🤖 AI Summary
High-dimensional, non-convex scientific optimization problems are often prohibitively expensive to evaluate experimentally and suffer from human confirmation bias and outdated domain knowledge.
Method: We propose the first LLM-driven, context-aware Bayesian optimization (BO) framework that dynamically incorporates expert knowledge into the search process. It integrates hybrid stochastic reasoning, natural language explanation generation, and an active learning feedback mechanism—enabling the LLM to produce real-time, interpretable, and empirically verifiable search suggestions.

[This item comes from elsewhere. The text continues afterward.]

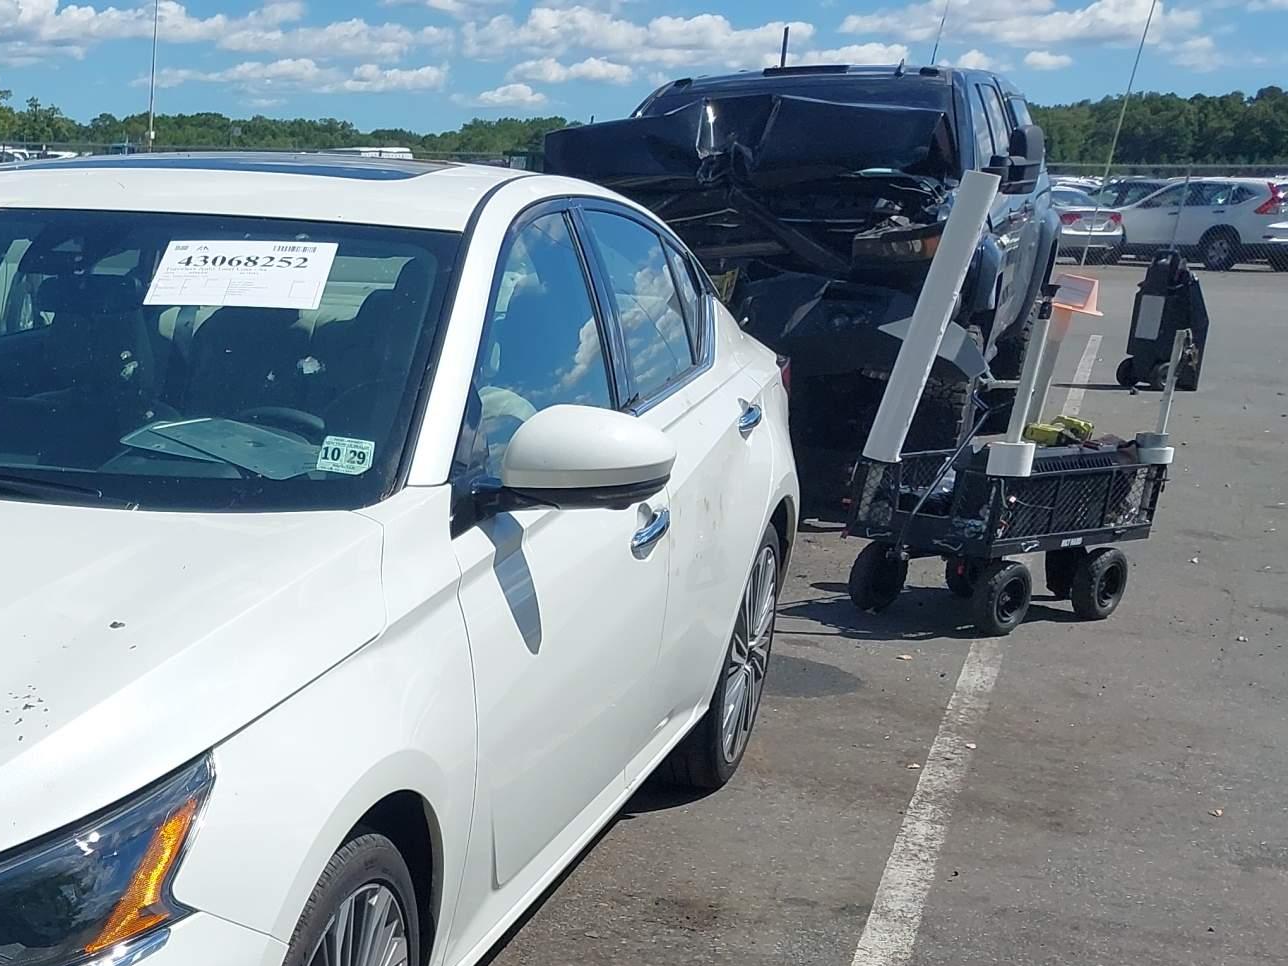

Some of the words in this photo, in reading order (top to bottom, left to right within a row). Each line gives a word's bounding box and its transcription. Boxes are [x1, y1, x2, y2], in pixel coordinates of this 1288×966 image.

[178, 255, 308, 268] 43068252
[321, 446, 341, 461] 10
[349, 450, 366, 465] 29

Contribution/Results: Evaluated on a 15-dimensional synthetic benchmark and four real-world scientific experiments, our framework significantly improves convergence speed and solution quality. It provides the first systematic empirical validation that large language models can perform reliable, interpretable causal reasoning in complex scientific optimization—bridging the gap between black-box optimization and domain-informed, human-aligned decision-making.
📝 Abstract
Many important scientific problems involve multivariate optimization coupled with slow and laborious experimental measurements. These complex, high-dimensional searches can be defined by non-convex optimization landscapes that resemble needle-in-a-haystack surfaces, leading to entrapment in local minima. Contextualizing optimizers with human domain knowledge is a powerful approach to guide searches to localized fruitful regions. However, this approach is susceptible to human confirmation bias and it is also challenging for domain experts to keep track of the rapidly expanding scientific literature. Here, we propose the use of Large Language Models (LLMs) for contextualizing Bayesian optimization (BO) via a hybrid optimization framework that intelligently and economically blends stochastic inference with domain knowledge-based insights from the LLM, which is used to suggest new, better-performing areas of the search space for exploration. Our method fosters user engagement by offering real-time commentary on the optimization progress, explaining the reasoning behind the search strategies. We validate the effectiveness of our approach on synthetic benchmarks with up to 15 independent variables and demonstrate the ability of LLMs to reason in four real-world experimental tasks where context-aware suggestions boost optimization performance substantially.